*** Opening of Available records ***
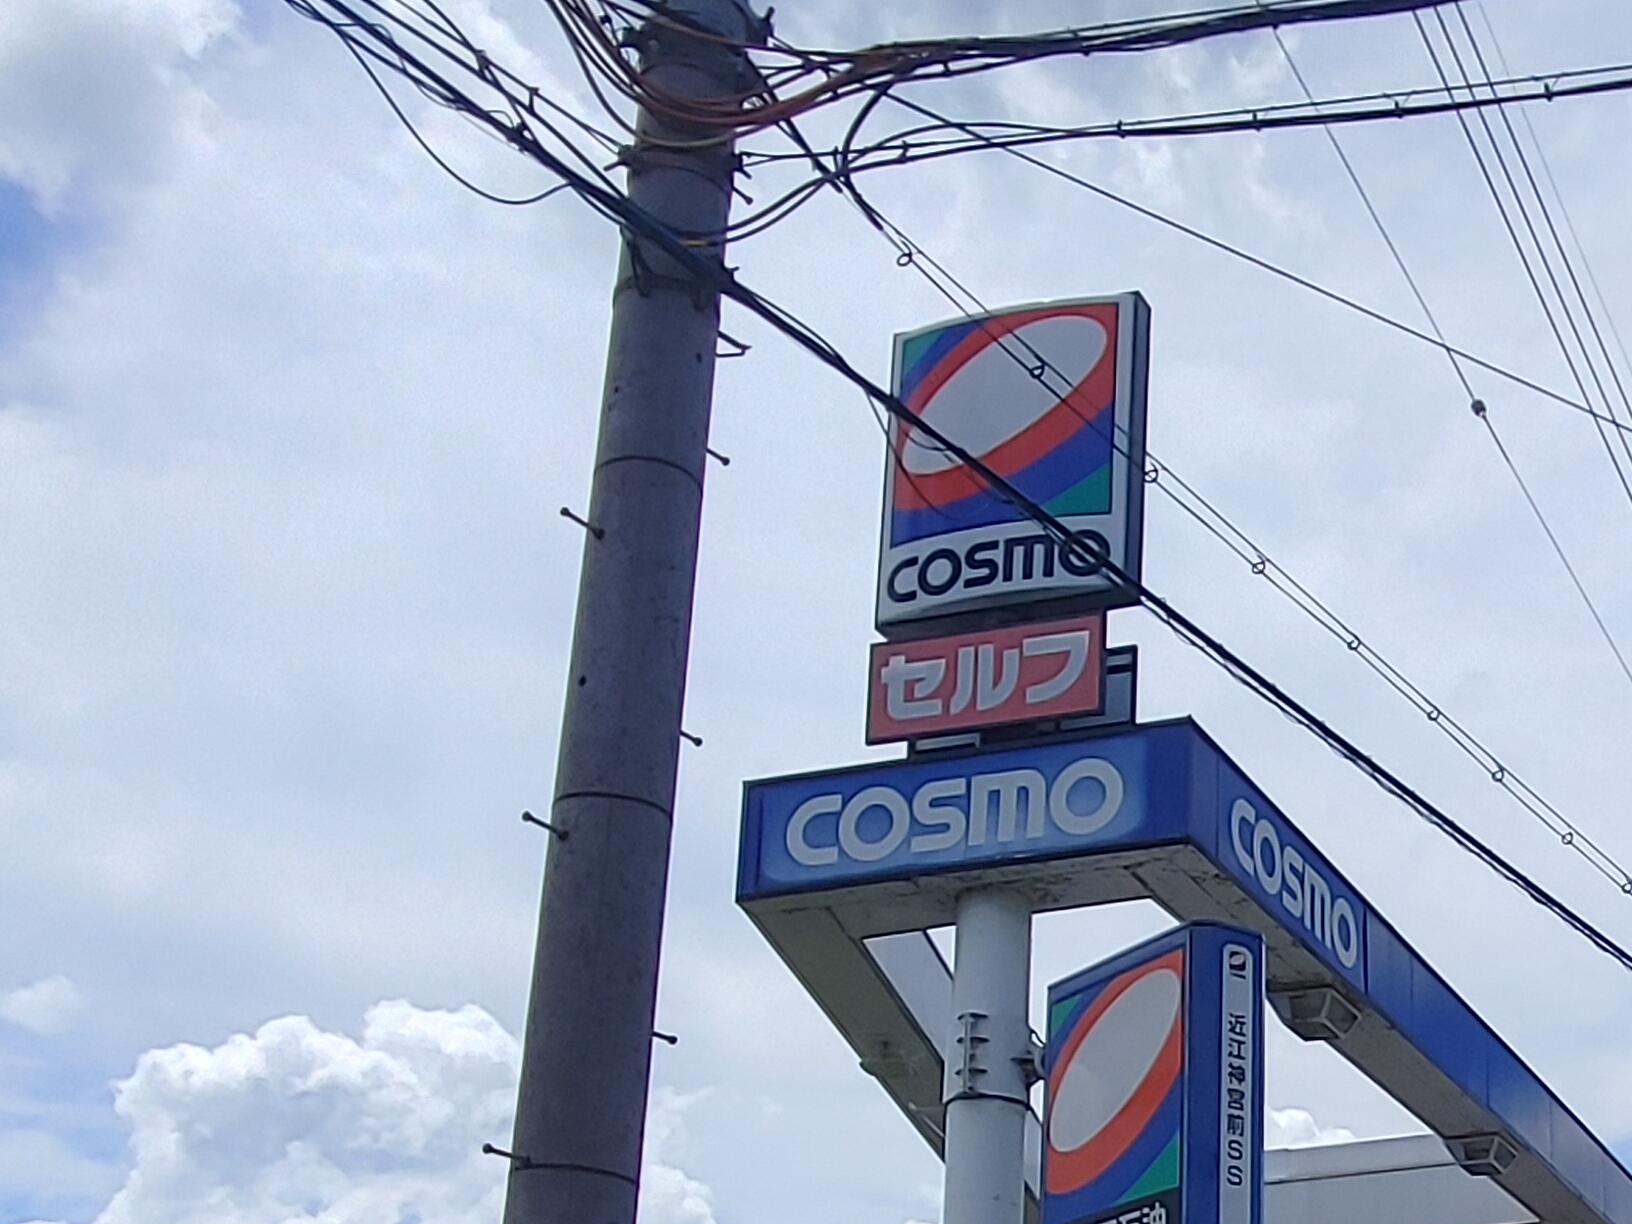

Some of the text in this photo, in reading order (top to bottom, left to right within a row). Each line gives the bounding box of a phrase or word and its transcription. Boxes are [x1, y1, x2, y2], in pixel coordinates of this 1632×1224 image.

[887, 529, 1111, 603] COSMO
[881, 630, 1090, 721] セルフ
[785, 757, 1124, 866] COSMO
[1231, 798, 1358, 969] COSMO
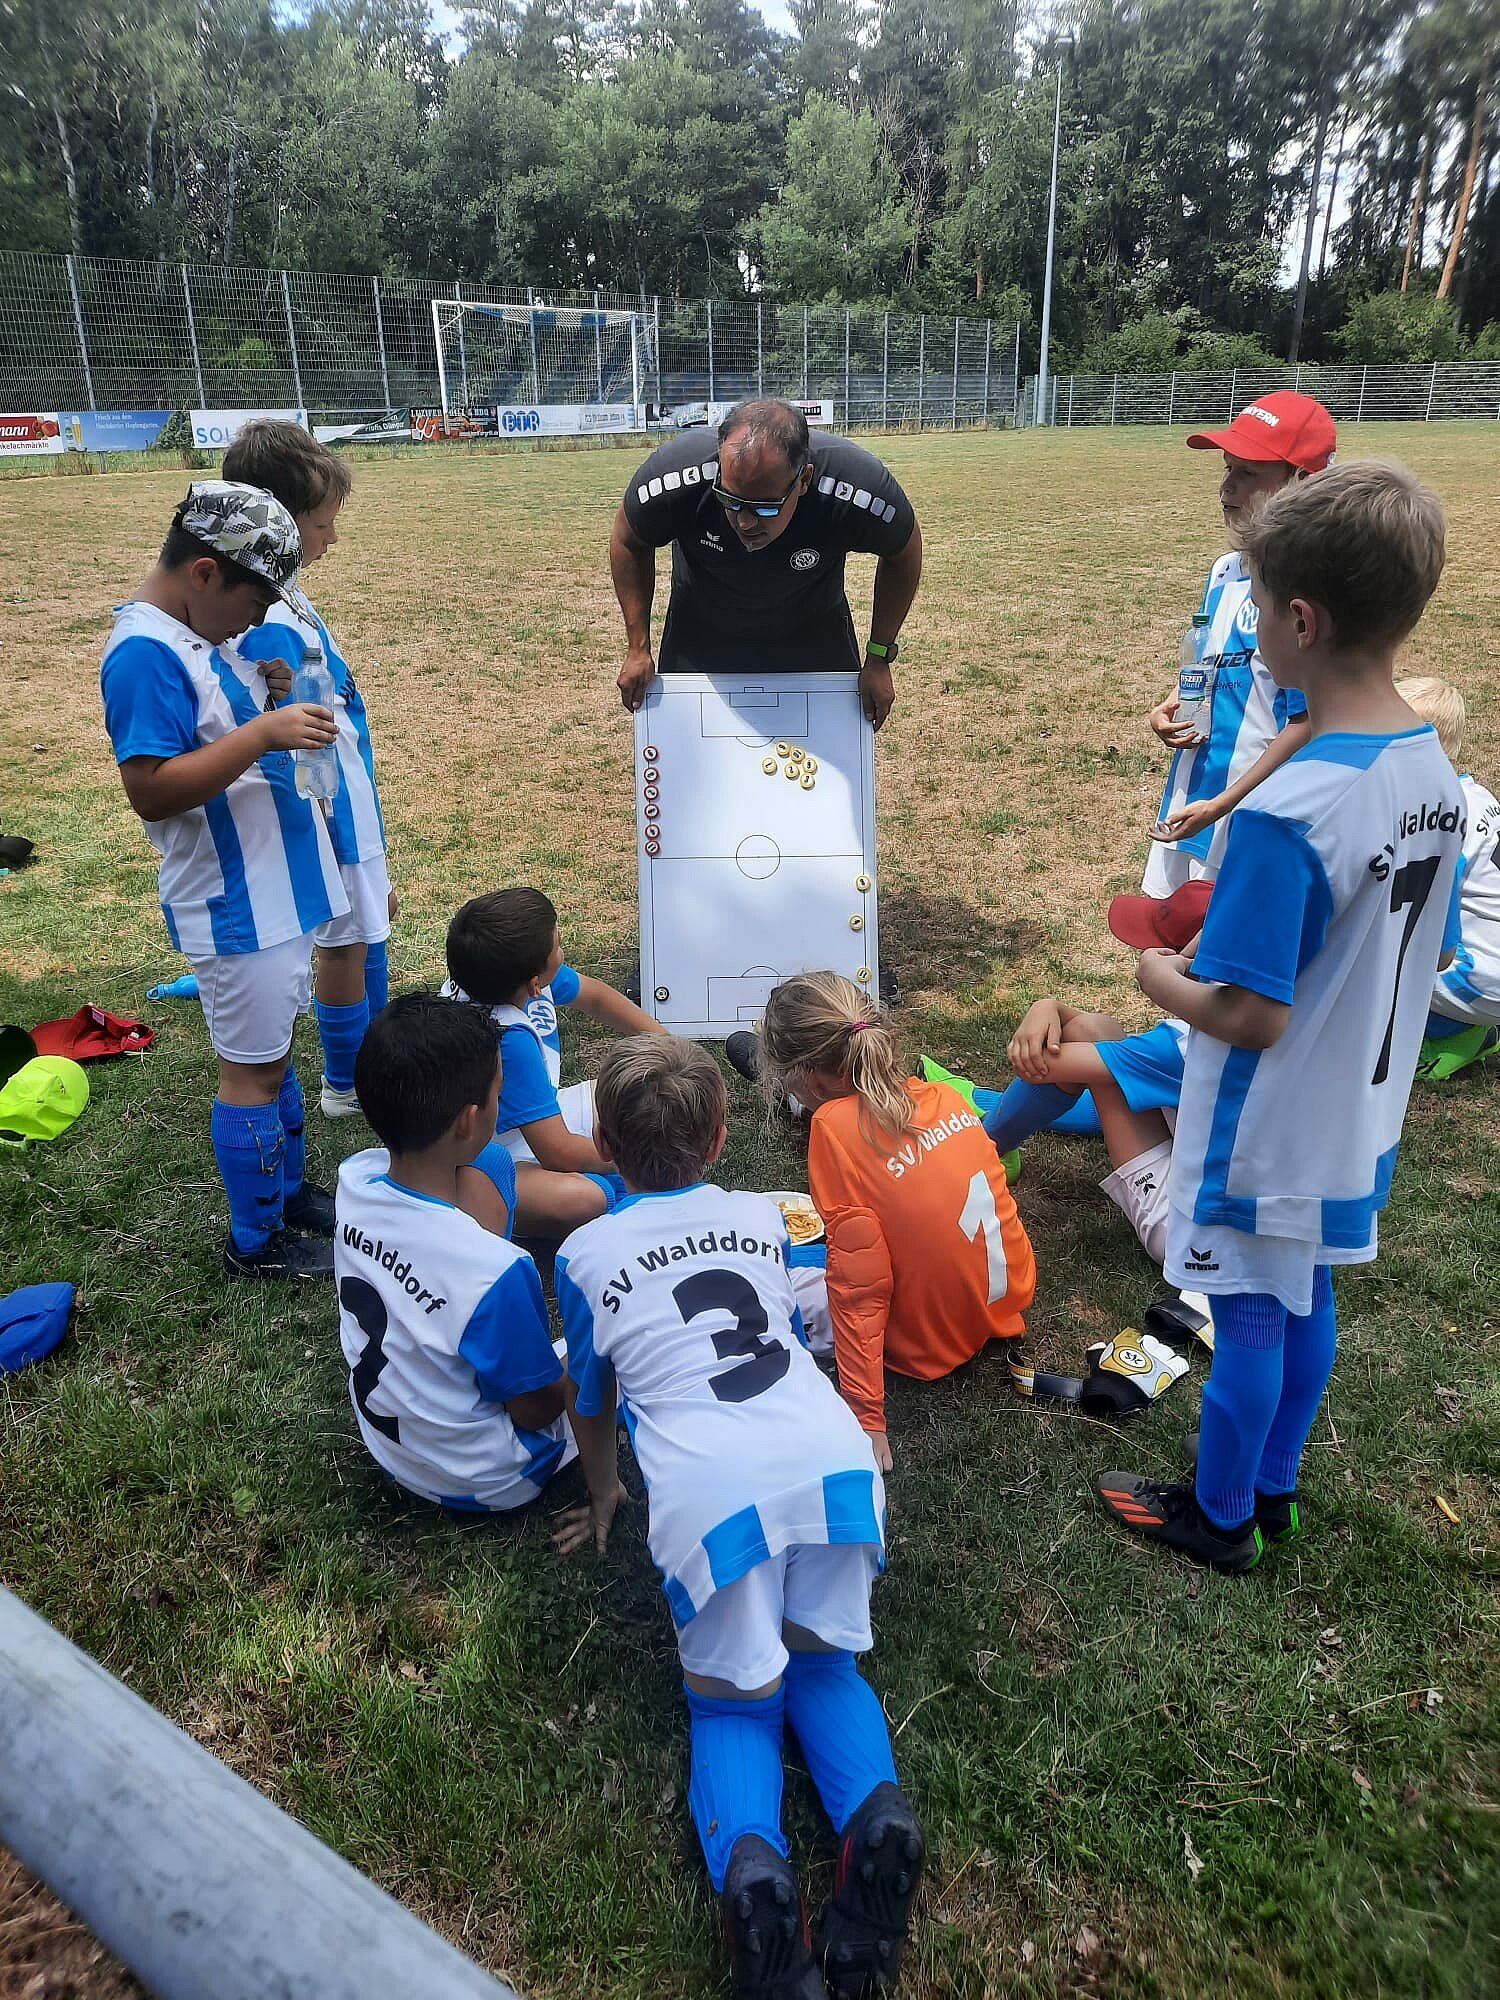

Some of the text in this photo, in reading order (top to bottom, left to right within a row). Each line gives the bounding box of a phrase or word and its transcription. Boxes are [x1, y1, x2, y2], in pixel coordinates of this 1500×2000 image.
*** Close of Available records ***
> _Problem to solve_
What is needed is a verbatim copy of the entries, leaving out any pictures.

> _Problem solution_
Some of the text in this photo, in reading order (top to bottom, left to right within a row). Each line gives the bounding box of a phrase or word and its transcription. Boxes are [x1, y1, x2, y2], in pixel coordinates of this 1632×1224 image.

[887, 529, 1111, 603] COSMO
[881, 630, 1090, 721] セルフ
[785, 757, 1124, 866] COSMO
[1231, 798, 1358, 969] COSMO

Some of the text in this photo, in reading order (top to bottom, left to right within a row). Each line gives the bounding box of a phrase or word and its transcription. Boxes are [x1, y1, x2, y2], in pixel coordinates of this 1500×2000 image.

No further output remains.